Une importante manne financière délaissée : En Afrique, le secteur touristique, quoiqu’encore assez peu développé par rapport aux autres continents, représente une importante manne financière pour les Etats. Qu’il s’agisse d’emplois, de recettes financières ou de visibilité à l’international, le tourisme a, depuis plusieurs années, un impact grandissant sur les économies africaines. Ainsi, selon le Hospitality Africa Report 2019, les voyages et le tourisme en Afrique ont contribué à hauteur de 8,5 % (ou 194,2 milliards de dollars) au PIB du continent en 2018, contre 8,1 % et 7,8 % en 2017 et 2016 respectivement ; ce qui en fait l’un des principaux moteurs de la croissance de l’économie sur le continent. Ce record de croissance a fait de l’Afrique la deuxième région touristique la plus dynamique du monde, avec une croissance de 5,6 % en 2018 (après l’Asie Pacifique), contre un taux de croissance moyen mondial de 3,9 %.

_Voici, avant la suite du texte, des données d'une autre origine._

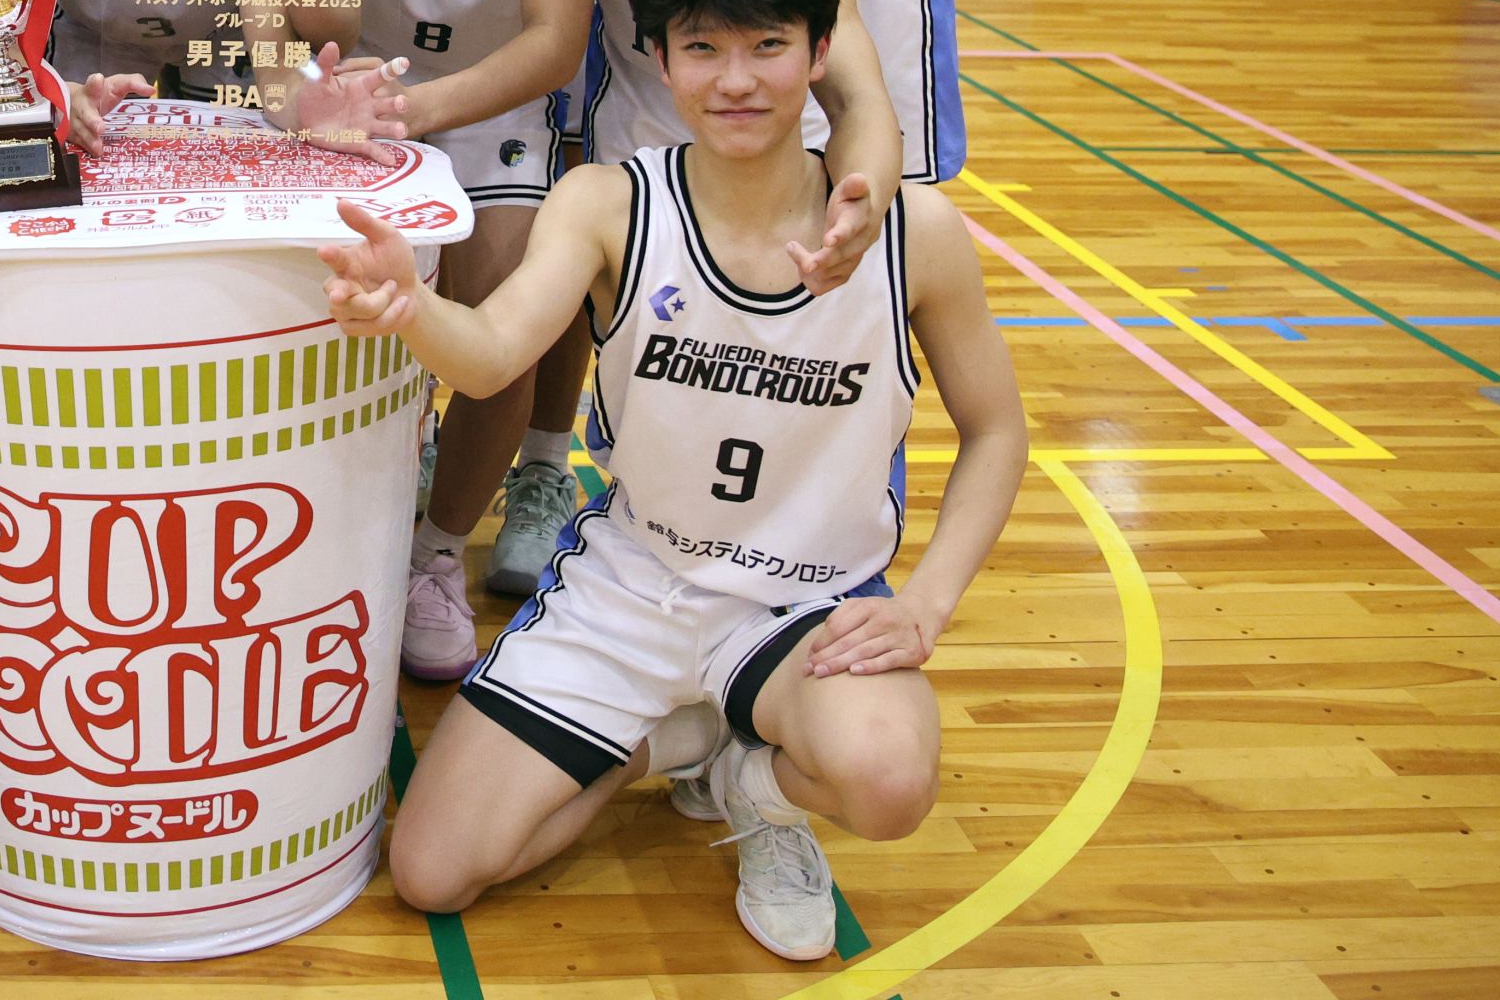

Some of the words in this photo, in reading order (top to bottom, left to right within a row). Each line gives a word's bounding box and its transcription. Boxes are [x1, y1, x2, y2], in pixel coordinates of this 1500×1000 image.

On estime que les visiteurs internationaux ont dépensé un total de 58,5 milliards de dollars en 2018. De plus, le secteur des voyages et du tourisme a fourni directement et indirectement de l’emploi à environ 24,3 millions de personnes en 2018, ce qui représente approximativement (6,7 %) de l’emploi total sur le continent. Dans plusieurs pays comme les Seychelles, la Tunisie, Maurice, le Rwanda ou l’Ouganda, une grande partie de la population dépend du tourisme pour obtenir des revenus et les recettes touristiques renforcent les réserves en devises étrangères des Etats. Malheureusement, l’arrivée de la pandémie du coronavirus a fortement bouleversé cette tendance, qui s’observait de plus en plus dans plusieurs pays du continent. Avec la suspension des voyages internationaux et les mesures de restrictions qui ont obligé les Etats à fermer leurs sites touristiques, la Covid-19 a engendré des pertes énormes dans le domaine du tourisme. D’après l’Union africaine, 55 milliards $ de revenus touristiques et de voyages ont déjà été perdus par les pays africains en l’espace de trois mois.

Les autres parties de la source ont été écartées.